__Work task__: When the line containing "this 1344×1512 image." is reached, begin transcribing. Continue exactly through the final line of the listing, and return nothing else.

__Source material__:
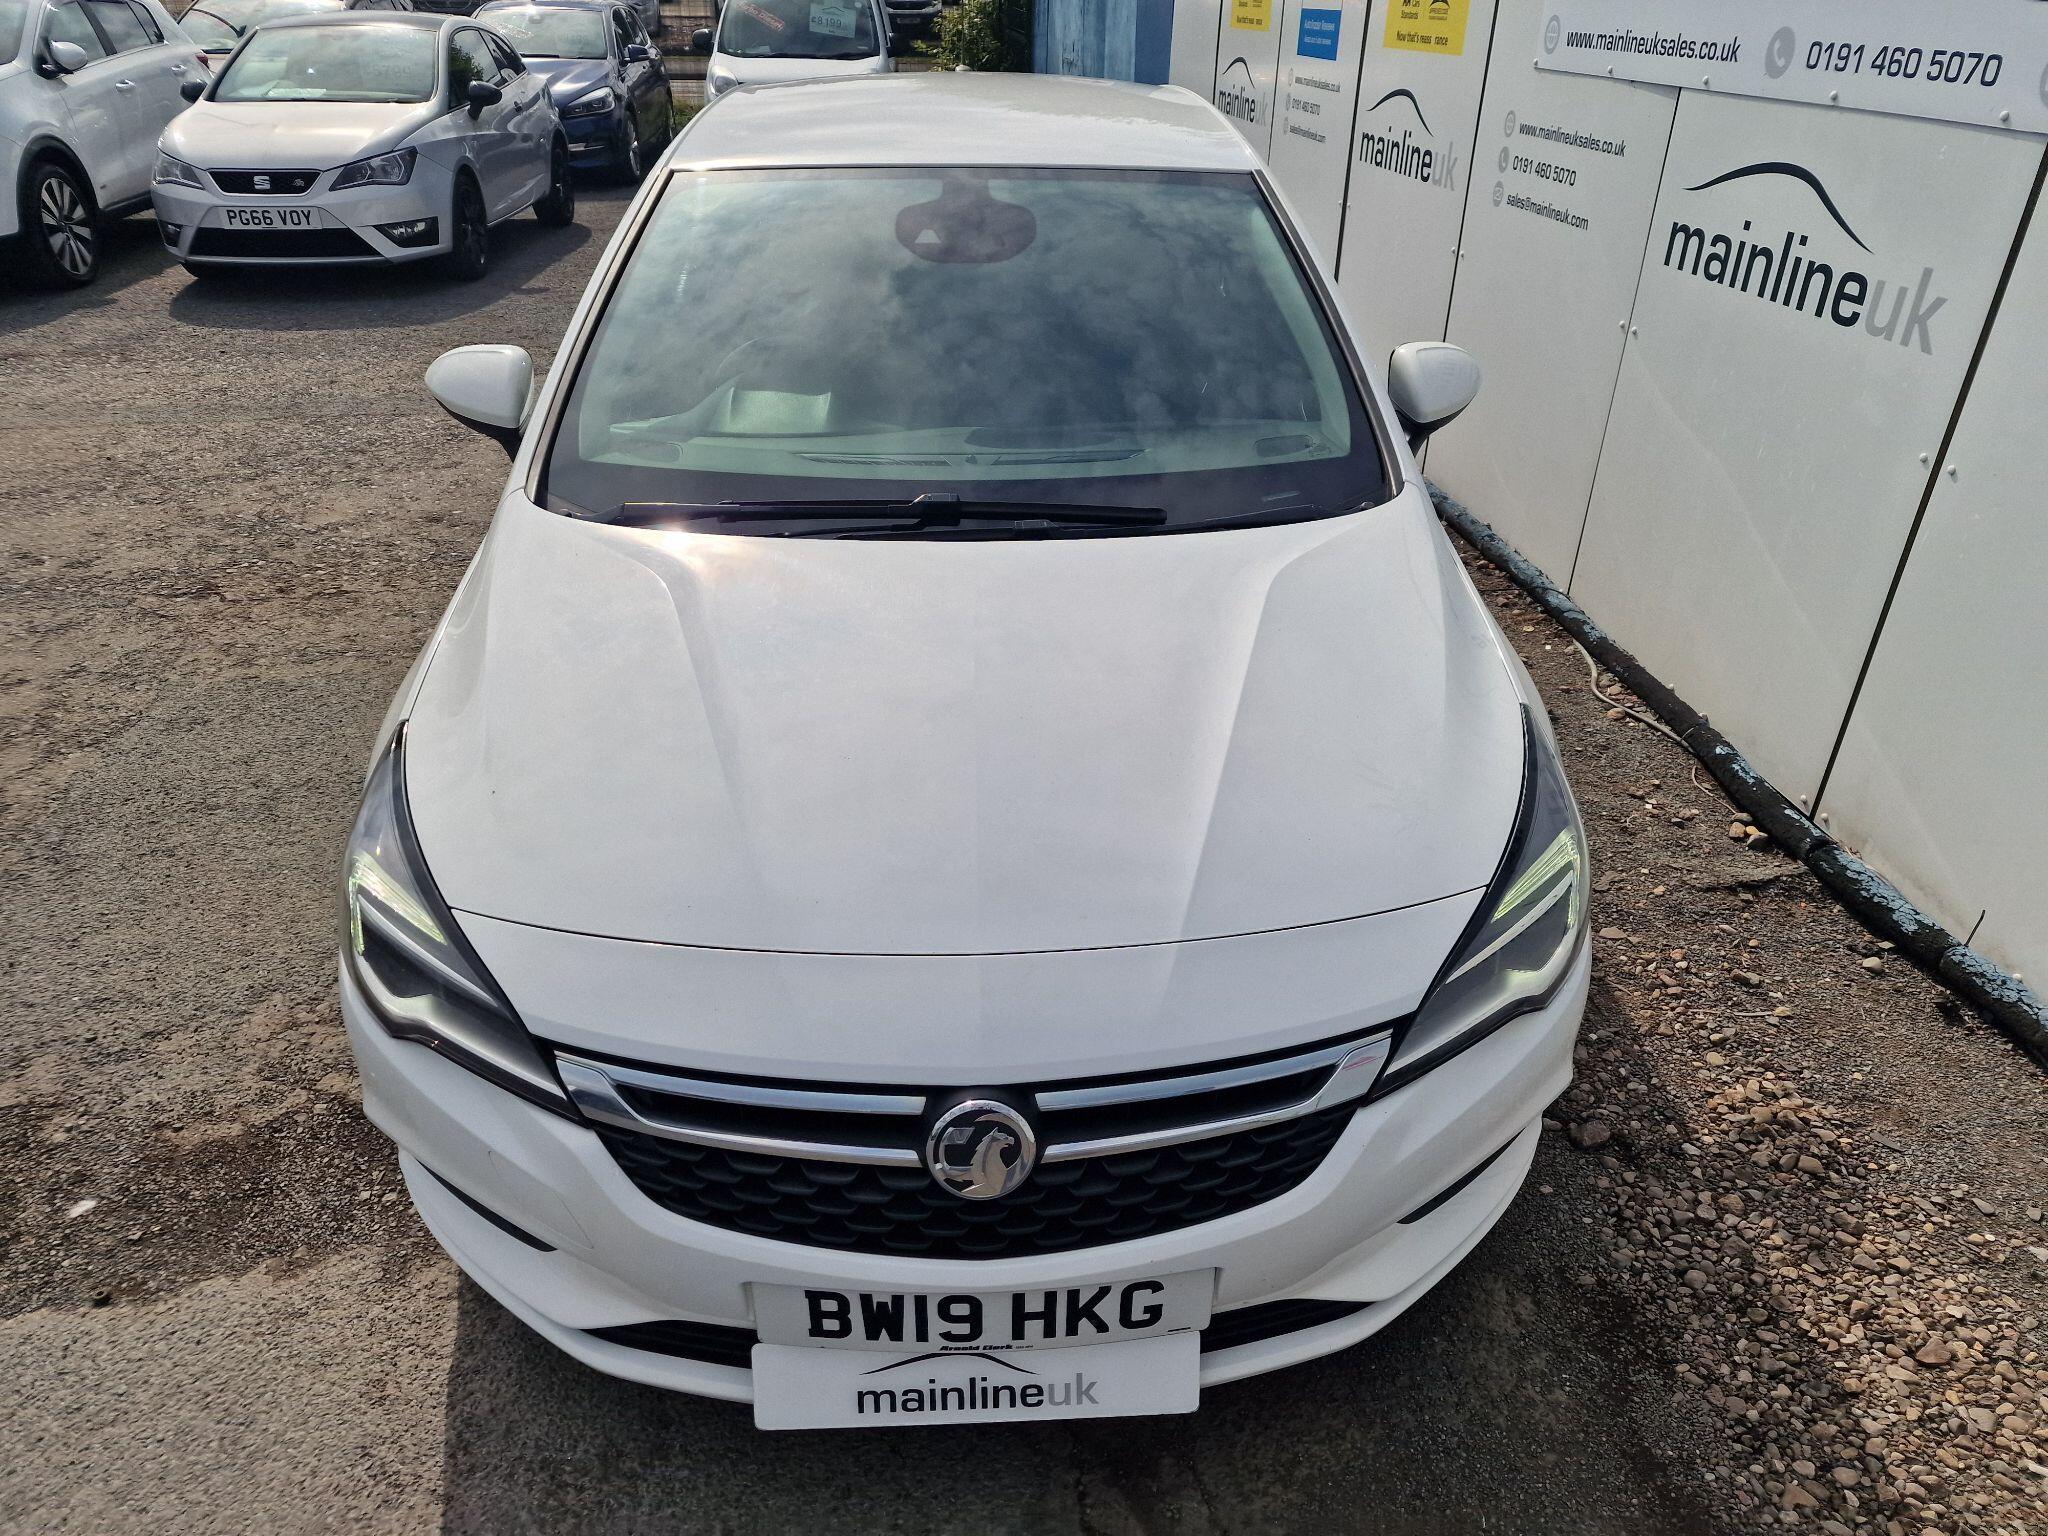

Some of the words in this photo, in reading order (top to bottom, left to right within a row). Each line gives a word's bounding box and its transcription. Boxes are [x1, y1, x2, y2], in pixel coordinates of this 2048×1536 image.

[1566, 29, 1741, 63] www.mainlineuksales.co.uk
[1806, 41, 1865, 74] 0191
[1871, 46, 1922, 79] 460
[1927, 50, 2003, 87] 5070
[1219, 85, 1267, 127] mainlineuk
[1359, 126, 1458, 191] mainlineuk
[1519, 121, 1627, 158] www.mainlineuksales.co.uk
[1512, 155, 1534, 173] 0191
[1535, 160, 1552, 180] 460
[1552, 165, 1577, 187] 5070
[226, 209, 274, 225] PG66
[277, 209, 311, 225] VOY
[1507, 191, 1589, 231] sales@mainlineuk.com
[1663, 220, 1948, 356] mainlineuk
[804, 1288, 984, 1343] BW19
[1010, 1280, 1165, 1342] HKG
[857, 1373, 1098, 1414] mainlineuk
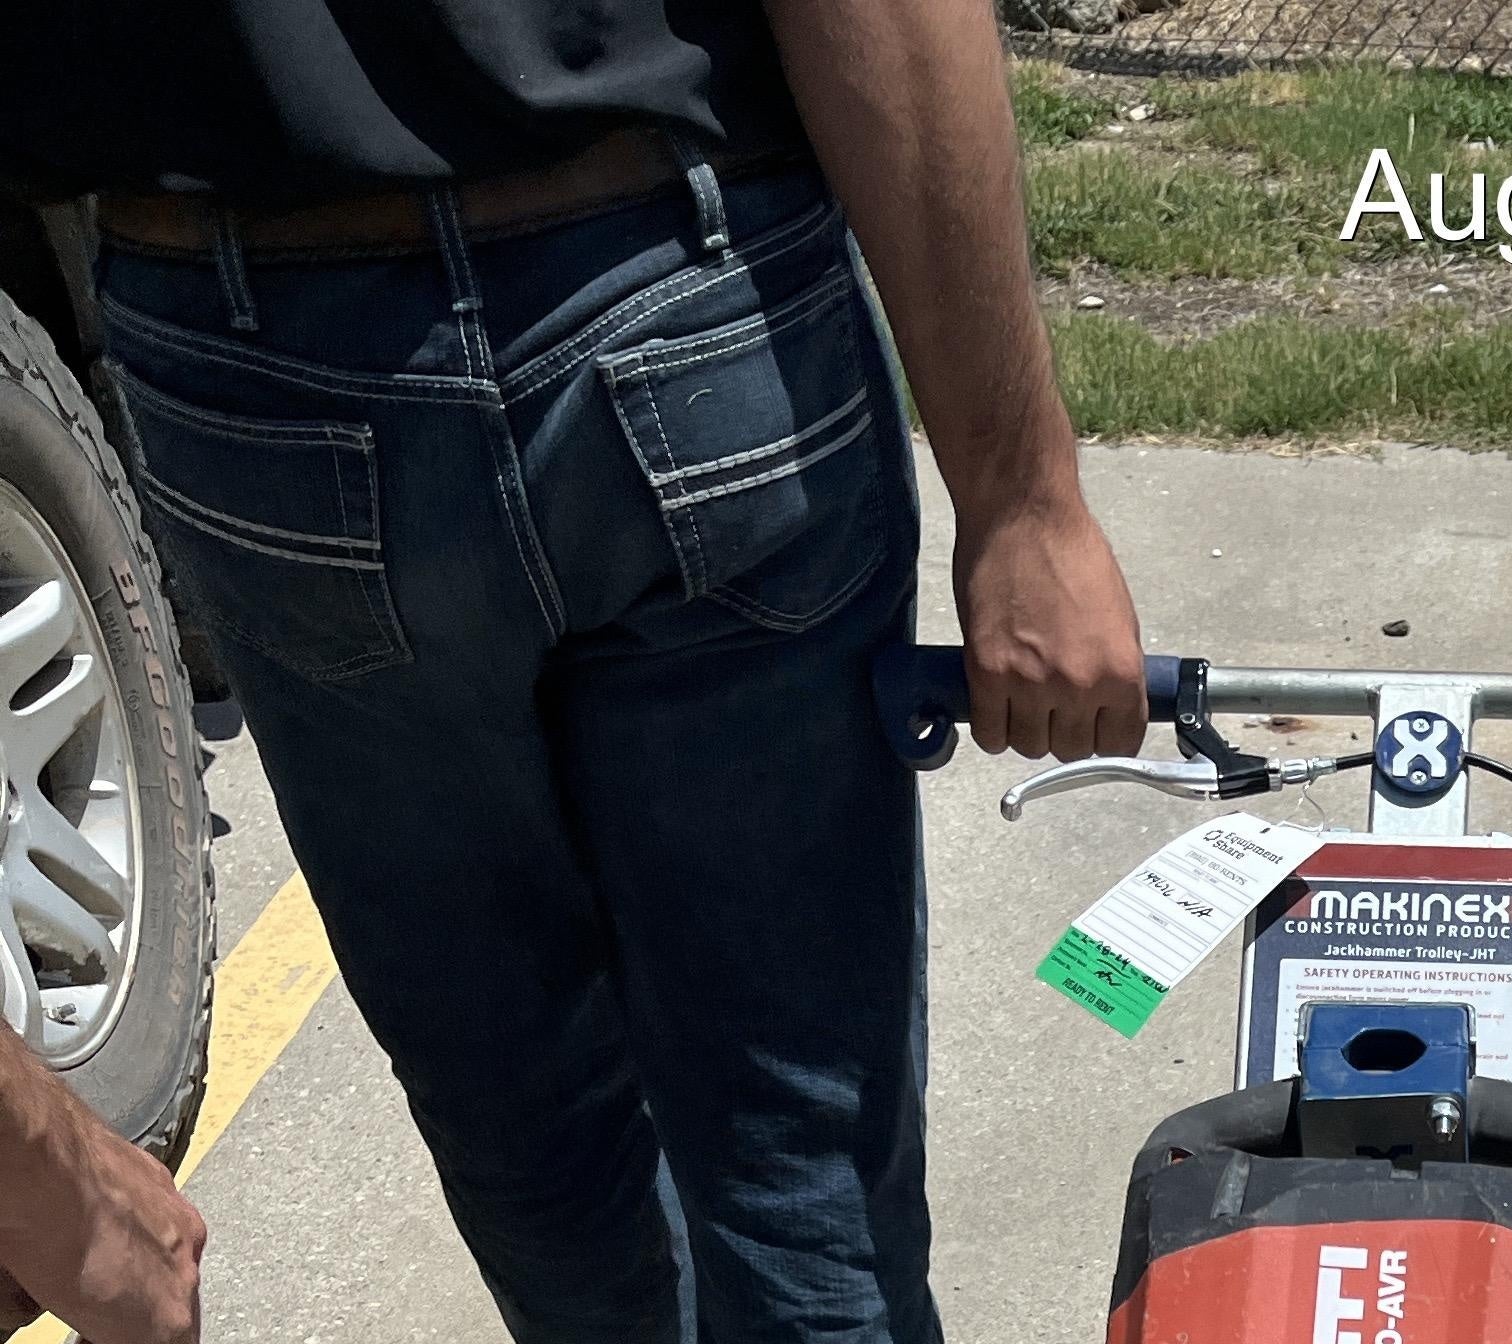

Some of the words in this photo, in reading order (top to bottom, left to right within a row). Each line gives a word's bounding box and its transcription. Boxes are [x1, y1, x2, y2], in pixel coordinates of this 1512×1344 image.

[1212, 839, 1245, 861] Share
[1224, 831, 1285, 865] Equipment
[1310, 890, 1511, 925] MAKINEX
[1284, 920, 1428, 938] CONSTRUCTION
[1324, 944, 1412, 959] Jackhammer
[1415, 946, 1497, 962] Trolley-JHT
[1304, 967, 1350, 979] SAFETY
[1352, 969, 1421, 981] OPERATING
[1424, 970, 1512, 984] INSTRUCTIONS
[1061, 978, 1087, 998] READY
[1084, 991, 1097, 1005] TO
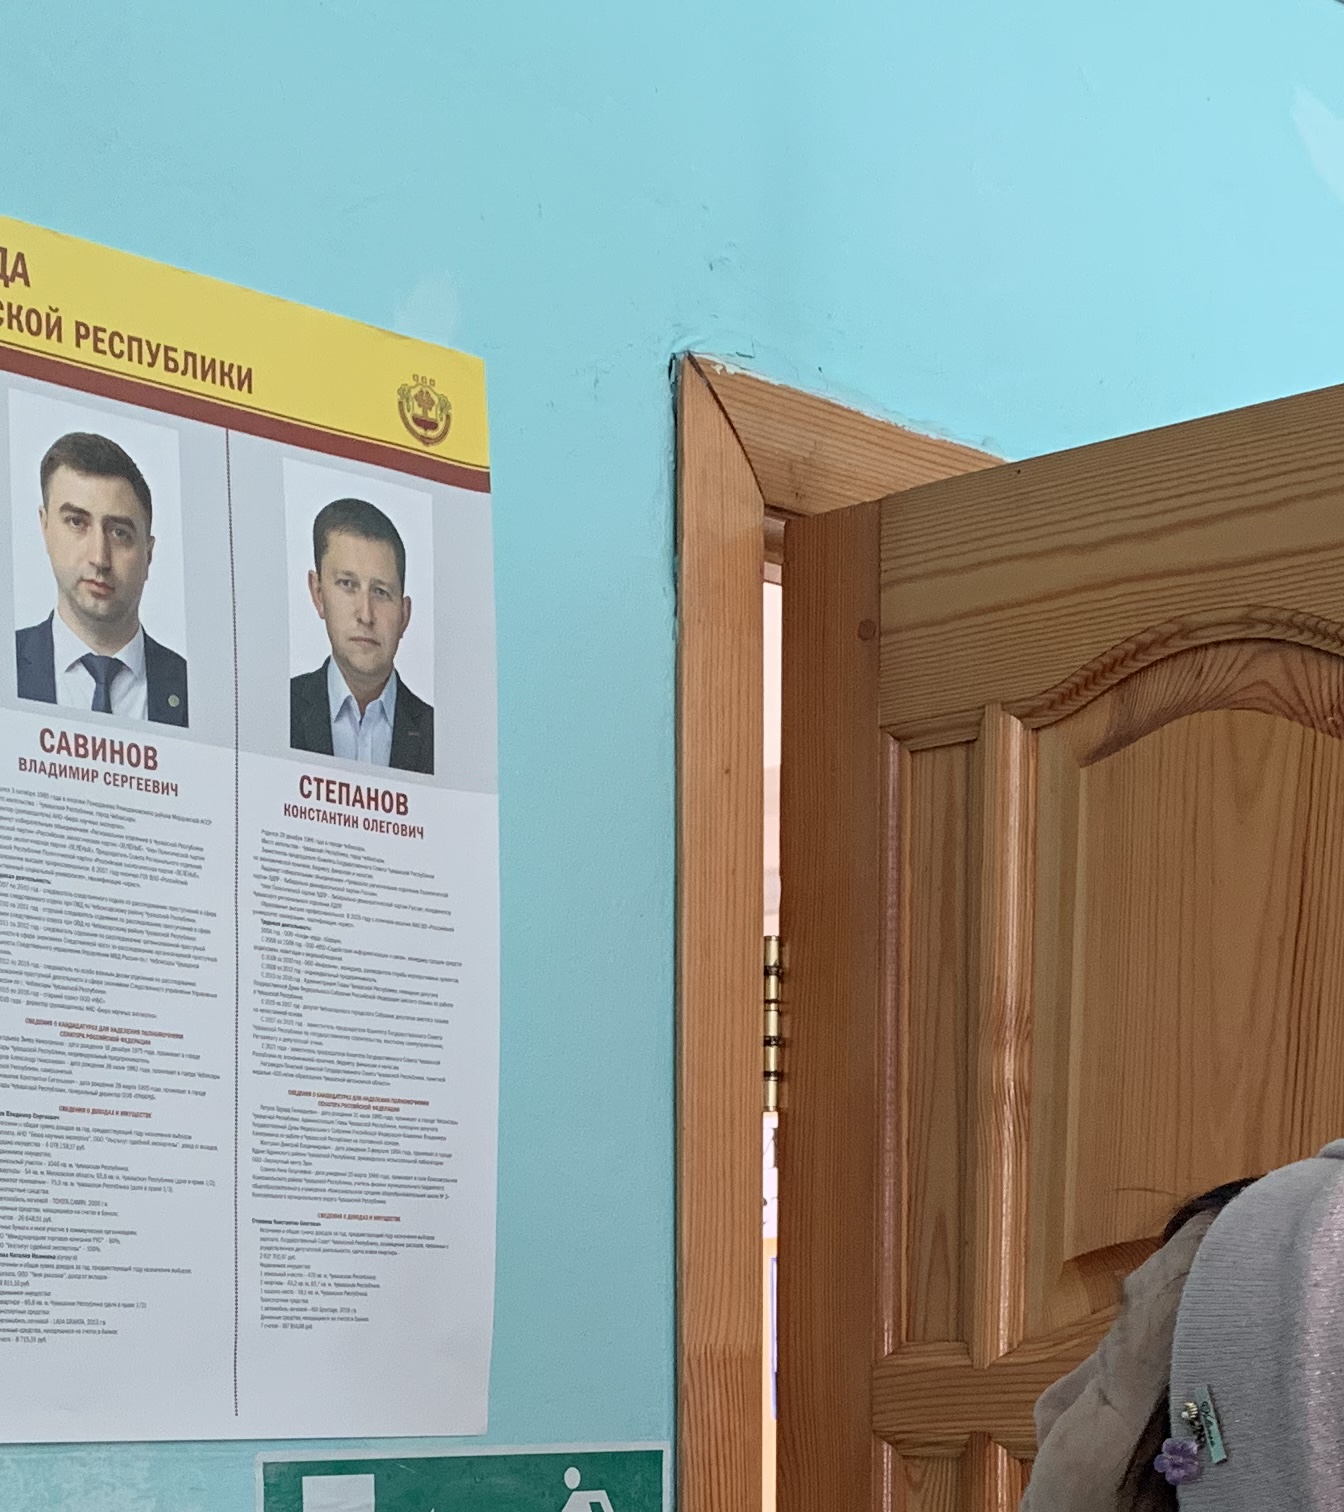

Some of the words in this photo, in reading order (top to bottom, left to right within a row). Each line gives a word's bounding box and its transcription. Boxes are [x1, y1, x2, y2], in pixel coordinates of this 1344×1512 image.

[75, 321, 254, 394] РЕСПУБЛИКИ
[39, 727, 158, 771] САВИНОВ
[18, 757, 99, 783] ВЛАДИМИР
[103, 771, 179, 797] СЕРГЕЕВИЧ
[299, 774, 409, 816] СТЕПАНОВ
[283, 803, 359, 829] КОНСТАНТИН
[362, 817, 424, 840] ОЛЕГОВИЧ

__Answer box__:
Some of the words in this photo, in reading order (top to bottom, left to right within a row). Each line gives a word's bounding box and its transcription. Boxes are [x1, y1, x2, y2], in pixel coordinates of this 1344×1512 image.

[75, 321, 254, 394] РЕСПУБЛИКИ
[39, 727, 158, 771] САВИНОВ
[18, 757, 99, 783] ВЛАДИМИР
[103, 771, 179, 797] СЕРГЕЕВИЧ
[299, 774, 409, 816] СТЕПАНОВ
[283, 803, 359, 829] КОНСТАНТИН
[362, 817, 424, 840] ОЛЕГОВИЧ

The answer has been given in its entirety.